The Google–Meta case is more than a technical curiosity. It is a warning. AI computing power has become a strategic resource — much like oil in the 20th century. And just like then, whoever owns or controls the infrastructure will have enormous influence on the economy and geopolitics.

Europe has a chance to change the situation, but time plays a crucial role. Investments in data centers, modernization of the electricity grid, and support for domestic AI infrastructure players are not luxuries — they are existential necessities for Europe's competitiveness in the era of artificial intelligence.

Why did Google limit Meta's access to Gemini when Meta is paying for the capacity?

Physical infrastructure — specialized chips and data centers — simply isn't enough to meet all demand. Google Cloud grew 63% year-on-year in Q1 2026, and its contract backlog almost doubled to over $460 billion, but building new capacity takes months to years. Not even Meta's money could instantly create computing power that physically didn't exist.

Do Czech companies have unrestricted access to models like Gemini or Claude?

Yes, for standard API access, there are no restrictions. Capacity limits affect customers with extremely high consumption, like Meta. A Czech company or developer can typically use Gemini, GPT-4o, or Claude Opus via API. In the long term, however, there is a risk of price increases and longer waiting times if global demand continues to exceed supply.

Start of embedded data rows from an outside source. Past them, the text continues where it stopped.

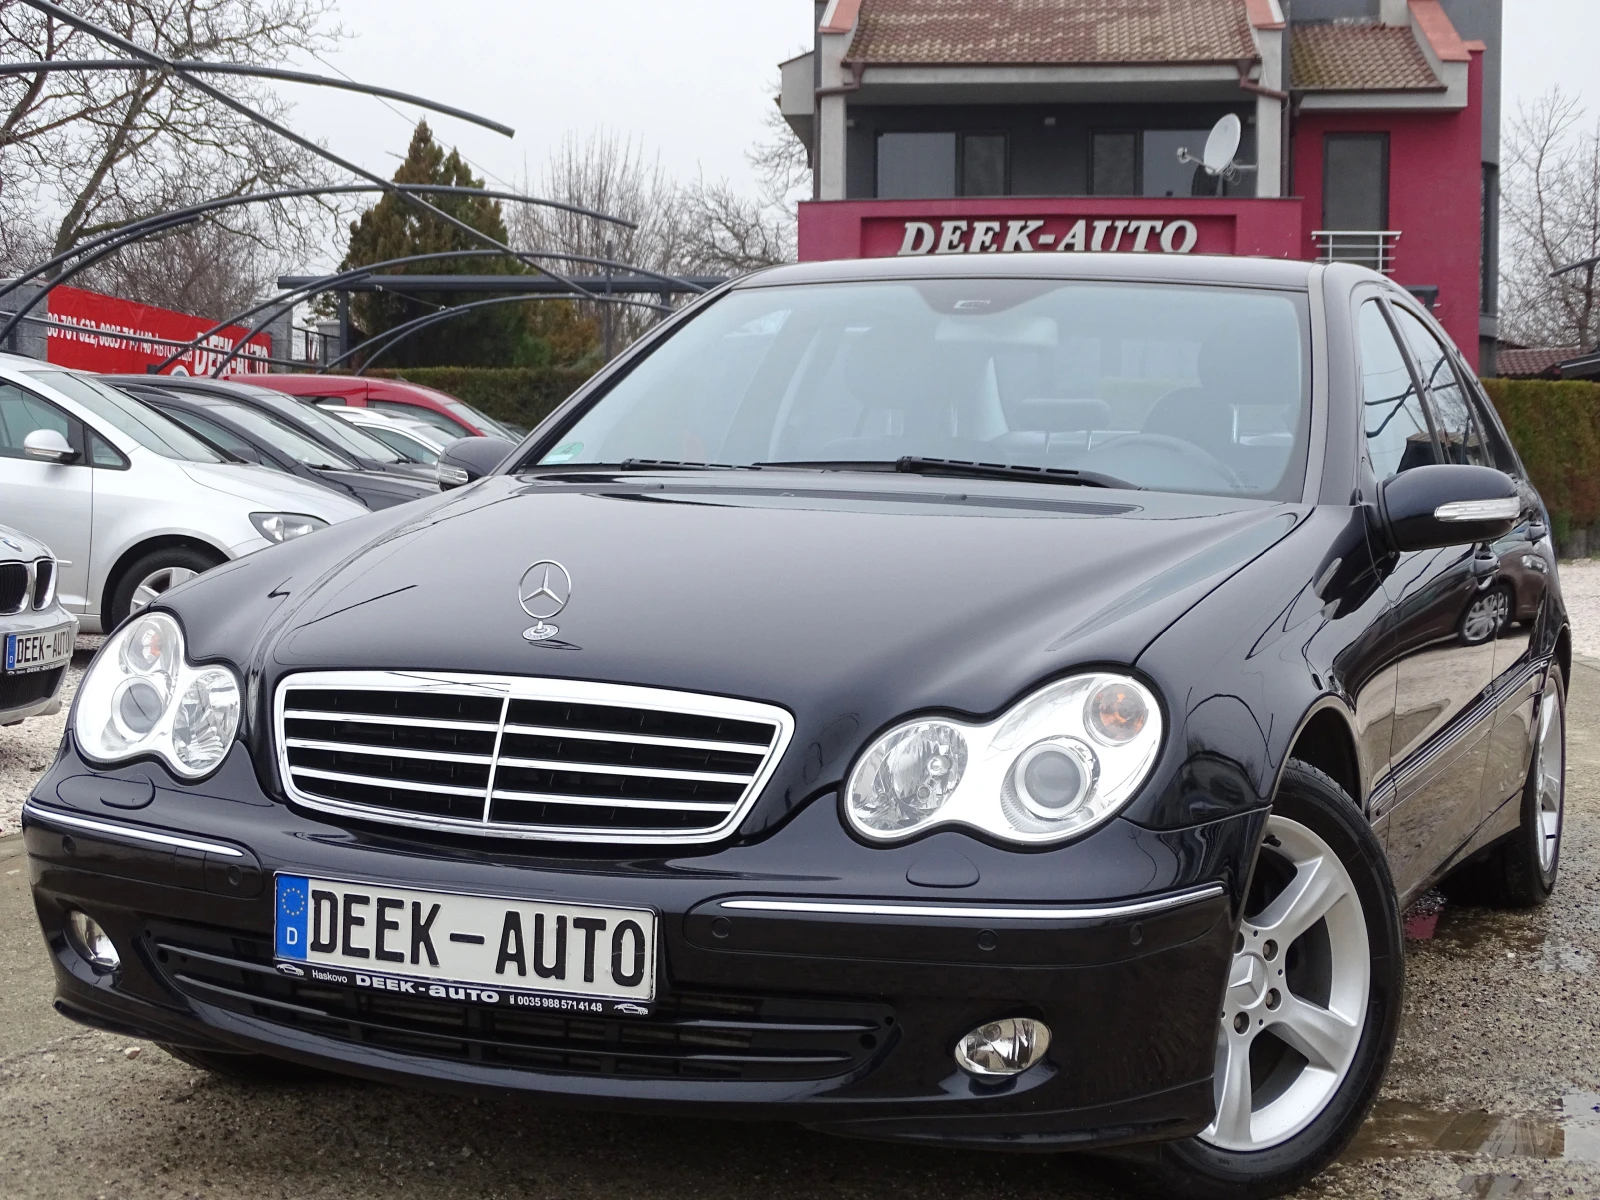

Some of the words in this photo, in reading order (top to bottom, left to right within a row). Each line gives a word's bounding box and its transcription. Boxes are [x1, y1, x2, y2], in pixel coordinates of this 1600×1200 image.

[897, 219, 1198, 256] DEEK-AUTO
[16, 630, 70, 663] DEEK-AUTO
[286, 927, 298, 946] D
[310, 890, 646, 987] DEEK-AUTO
[312, 969, 348, 984] Haskovo
[517, 996, 541, 1007] 0035
[542, 998, 560, 1008] 988
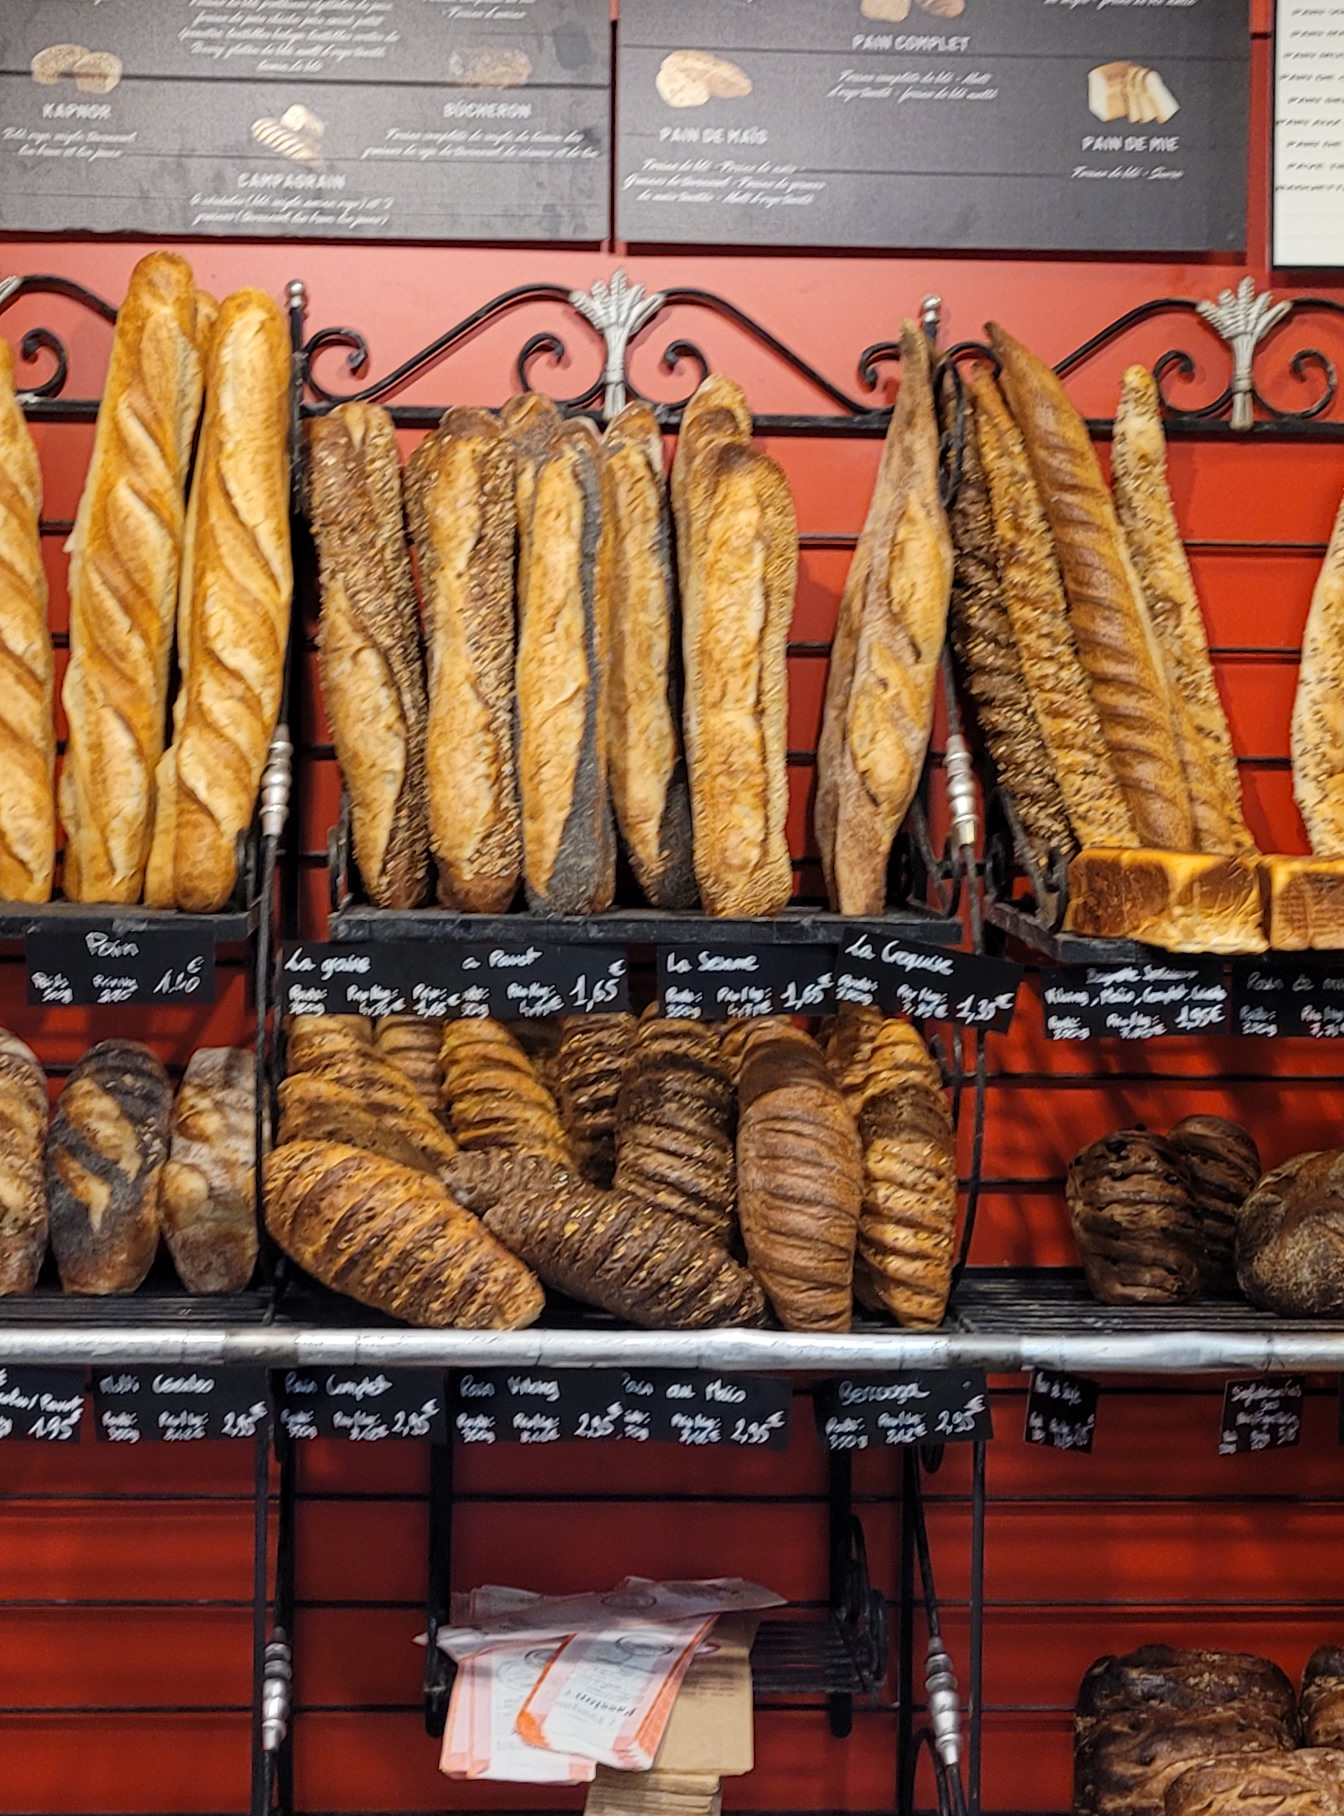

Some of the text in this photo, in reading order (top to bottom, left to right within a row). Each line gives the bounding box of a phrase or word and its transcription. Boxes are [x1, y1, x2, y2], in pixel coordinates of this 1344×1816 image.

[852, 34, 970, 51] PAIN COMPLET
[659, 127, 700, 143] PAIN
[702, 128, 725, 144] DE
[1081, 136, 1180, 152] PAIN DE MIE
[845, 934, 876, 960] La
[667, 952, 693, 973] La

What is an AI token and why did Meta have to ration it?

A token is a basic unit that AI language models process text — roughly 3–4 characters or one shorter word. Each query to the model consumes a certain number of tokens for both input and output. Providers like Google Cloud measure and charge consumption in tokens, and when capacity is insufficient, they can set maximum consumption limits for customers over a period. As a result, Meta had to limit how many AI computations its teams could perform daily.